Thu, 15 Mar 2001 01:31:22 +0100, Sverker Nilsson <sverker.is@home.se> pis=
ze:

> What not only many but perhaps all people would agree on, including
> me, is that the builtin types or classes should be unified with
> user-defined classes in this way: So that user-defined classes can
> inherit from the classes that the objects with builtin types have.

I agree.

> That doesn't necessary mean unifying types with classes. It could just
> as well mean that we defined the classes of the builtin objects.

Why not to unify then?

I understand that there are technical reasons, like the speed
resulting from avoiding looking up operations by name, or the fact
that if calling an object is equivalent to calling its __call__
method, then x(4) is x.__call__(4) which is x.__call__.__call__(4)
which is x.__call__.__call__.__call__(4) etc., so we must break the
conceptual madness and say that calling a builtin function object
is not further reduced to calling its method but it has the callable
capability built in.

But from the point of users of the language there is no reason why
files should be objects of FileType and not objects of InstanceType
with class File. It's an artifact of the implementation.
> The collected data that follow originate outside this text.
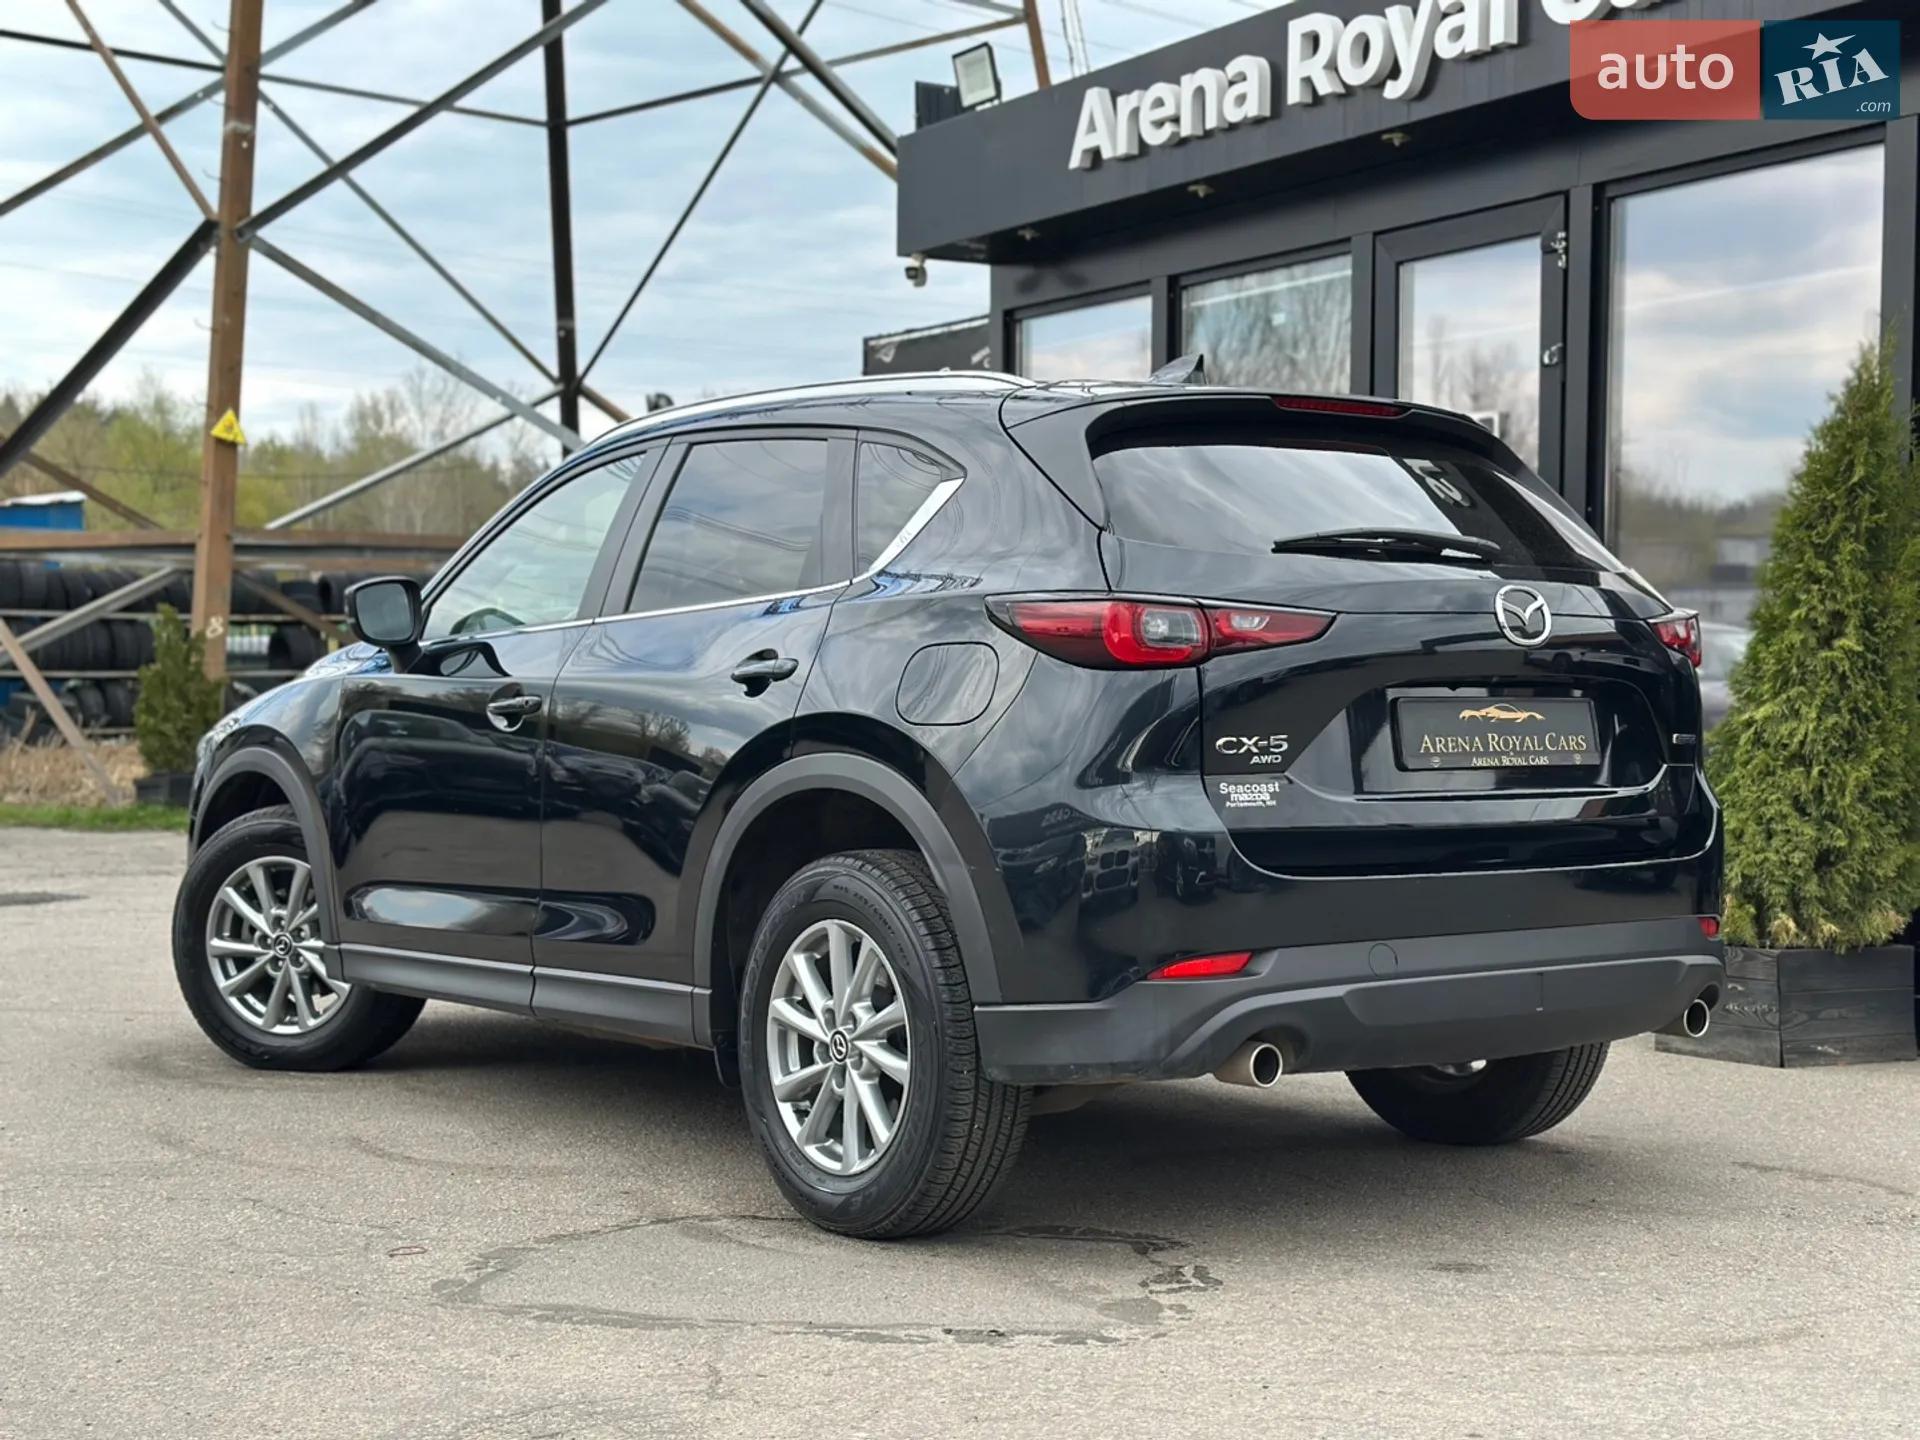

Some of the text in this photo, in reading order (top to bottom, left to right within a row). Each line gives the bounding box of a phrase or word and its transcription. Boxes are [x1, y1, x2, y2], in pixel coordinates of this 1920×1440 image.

[1068, 0, 1518, 170] Arena Royal
[1215, 734, 1288, 754] CX-5
[1420, 732, 1587, 753] ARENA ROYAL CARS
[1249, 754, 1282, 764] AWD
[1471, 754, 1549, 767] ARENA ROYAL CARS
[1219, 781, 1280, 794] Seacoast
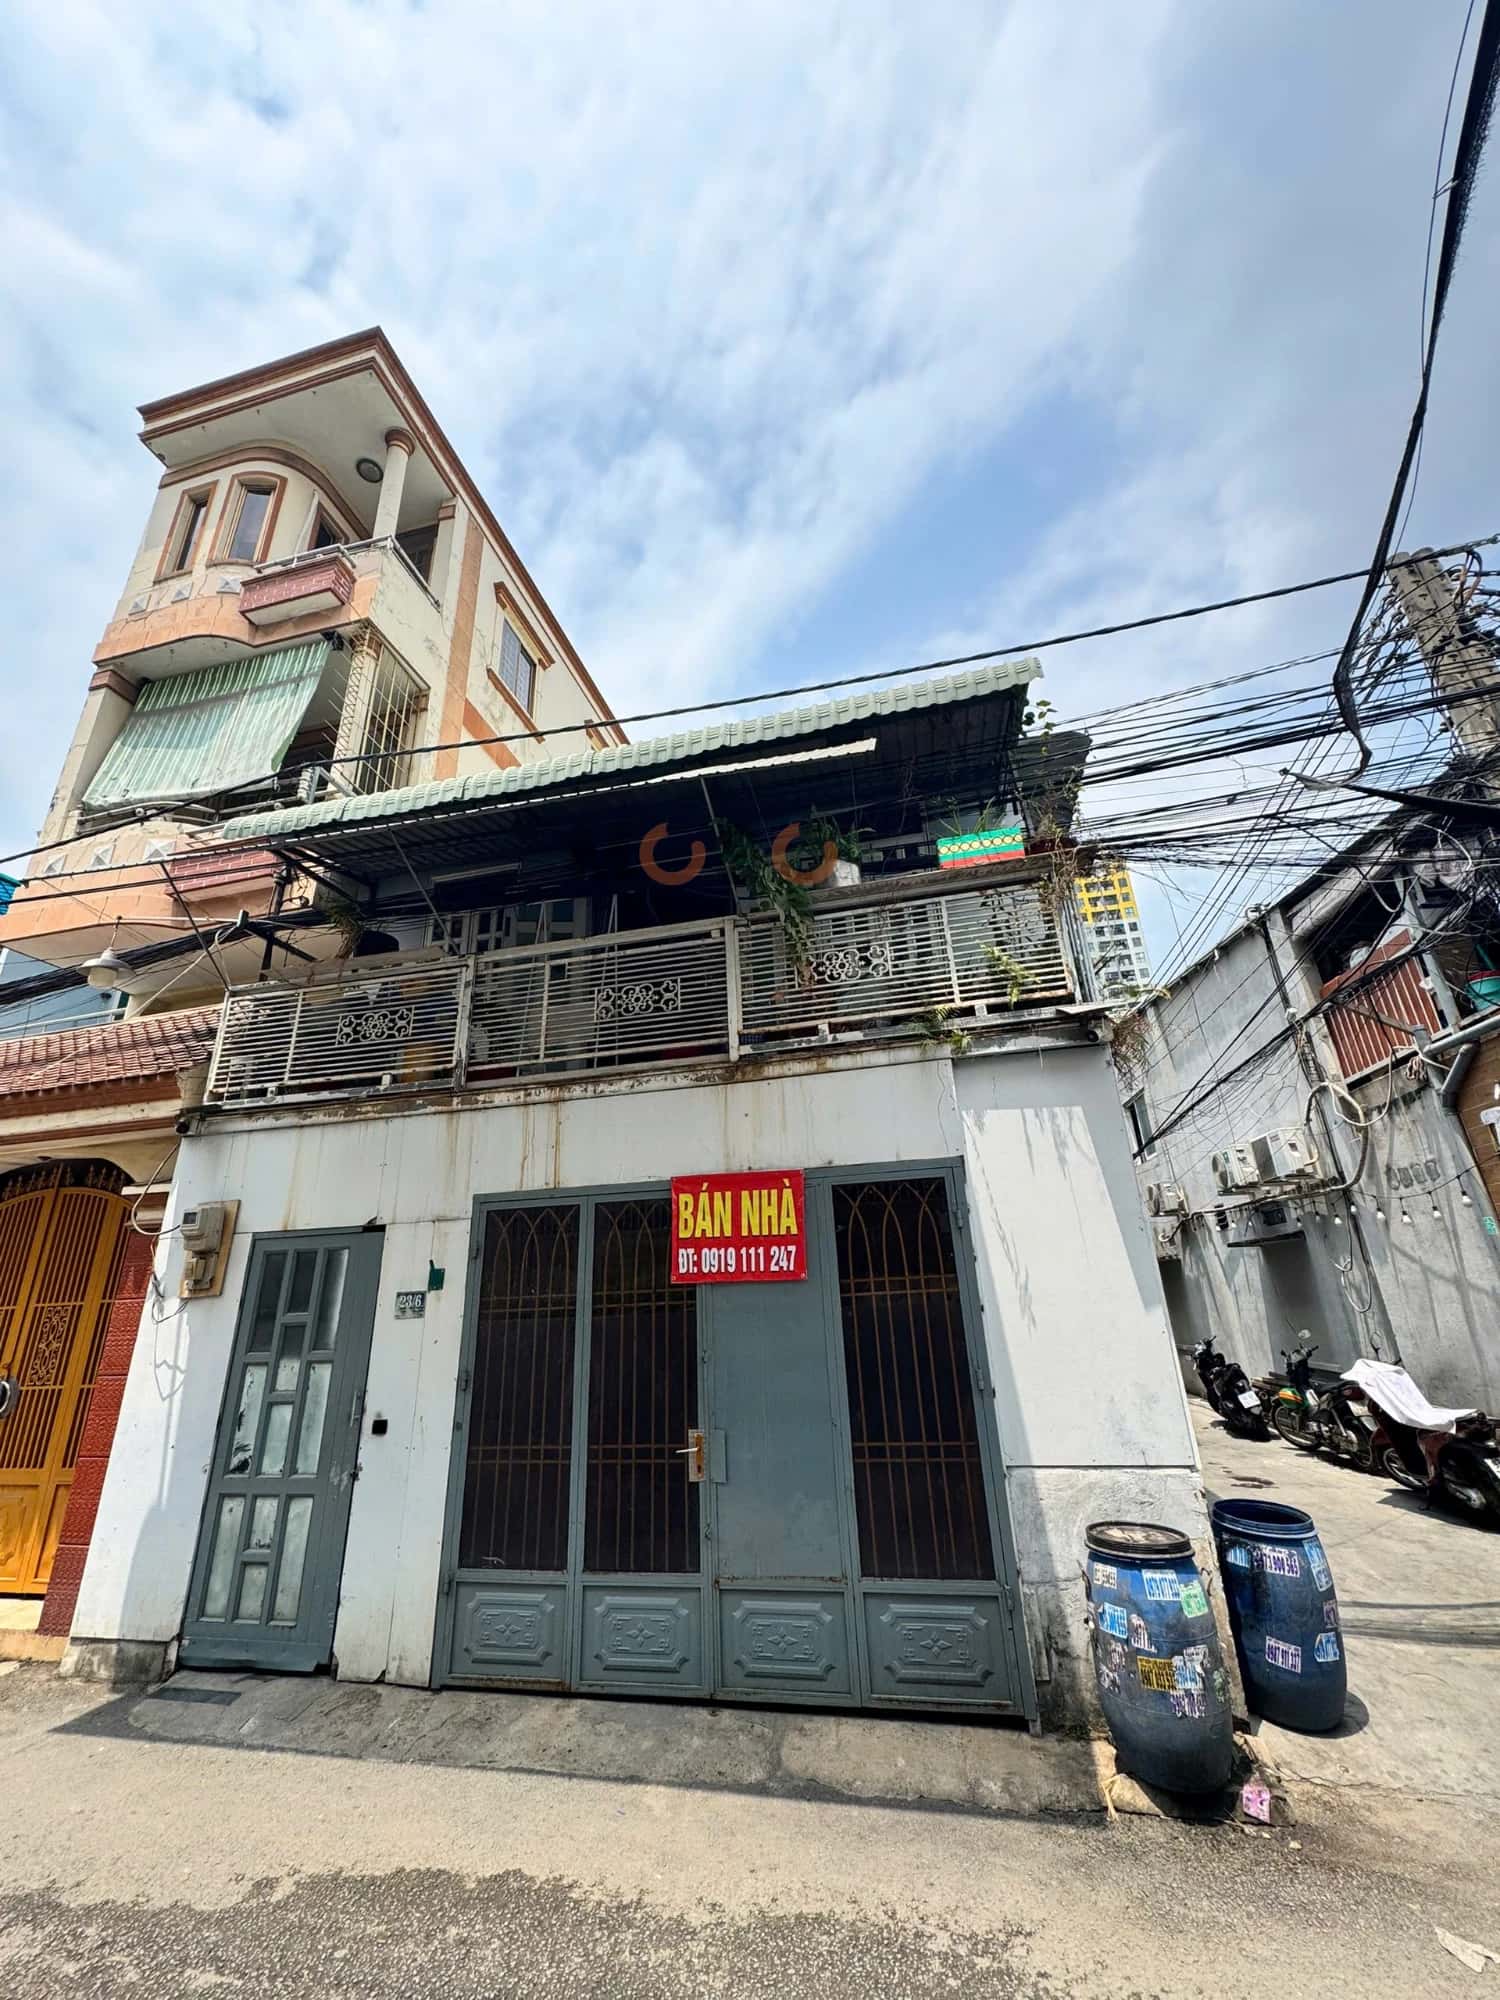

> Why would it be cleaner to unify type and class, given the many
> variants that exist, that you describe (some of) yourself below?

Because concepts for which many other languages use terms "type"
and "class" are more different than concepts for which Python uses
these terms (except C++, but let's not follow this crazy language).

These words have different meanings in those languages and whether
types and classes can be unified in Python is independent from whether
they can be unified in Haskell. It's just a terminology clash.

> below you say that Eiffell had problems with having to analyze too
> much to see if a class would yield a subtype.
>=20
> But here you seem to say that type is separate from class, and it
> describes an interface.

Well, the term "type" is used when talking about Eiffel but the
language syntax has no "type declarations" which bind types to names
or the like.

ARRAY[INTEGER] is a type, because ARRAY is a generic class and INTEGER
is a type. INTEGER is a type because INTEGER is a class.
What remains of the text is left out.